Estate Living Magazine Connection - Issue 43 July 2019 | Page 50

C O M M U N I T Y L I V I N G THE SMOKING GUN If you’re attacked in your home on a residential estate, who’s responsible for your protection? The answer – and the legal technicalities around private security and personal firearms – might surprise you. Spare a thought for Mr and Mrs Smith*. One night in 2014, three robbers broke into their home in an upmarket Gauteng estate. Mr Smith was shot in the abdomen, and his family were threatened with pangas. Mrs Smith was hit over the head with a gun during the attack. It was every estate resident’s worst nightmare. After all, one of the big selling points of estates is the promise that you’re safer there than you’d be if you stayed in the suburbs.
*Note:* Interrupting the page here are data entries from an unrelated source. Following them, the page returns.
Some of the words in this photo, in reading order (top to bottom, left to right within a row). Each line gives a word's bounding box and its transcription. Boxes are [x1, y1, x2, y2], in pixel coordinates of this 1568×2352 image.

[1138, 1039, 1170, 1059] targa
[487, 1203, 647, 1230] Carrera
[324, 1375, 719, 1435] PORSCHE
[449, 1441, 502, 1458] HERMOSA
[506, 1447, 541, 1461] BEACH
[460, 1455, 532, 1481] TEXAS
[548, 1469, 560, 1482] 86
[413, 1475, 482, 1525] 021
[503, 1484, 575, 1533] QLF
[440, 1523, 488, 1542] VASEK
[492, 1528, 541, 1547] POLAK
The Smiths were angry, and they sued – bringing action against both the homeowners association and the estate’s security company, claiming that they were wrongful in their duty of care, and were negligent as they failed to take measures to ensure the safety of residents. One of the rare benefits of living in a crime-troubled country is that you have a fair amount of legal precedent to draw on. The Smiths and their attorneys cited the infamous Loureiro case, in which a family sued their private security company after one of their guards opened their pedestrian gate, allowing a gang of robbers (dressed as cops) access to the property. The Loureiros were attacked, and millions of rands’ worth of goods were stolen. The Loureiros took the security company to the High Court, and won. The judgement was overturned in the Supreme Court of Appeal, but the Constitutional Court restored the original judgement. According to the Constitutional Court ruling, ‘The contract between Mr Loureiro and the security company was breached when the guard at the gate gave the robbers access contrary to an express oral agreement not to allow anyone onto the premises without prior authorisation. The security company is vicariously liable in delict because its employee acted wrongfully by opening a gate to robbers, and negligently by failing to foresee the reasonable possibility of harm, and to take the steps a reasonable person in his position would have taken to guard against it.’ So the Smiths would have been reasonably confident of a ruling in their favour.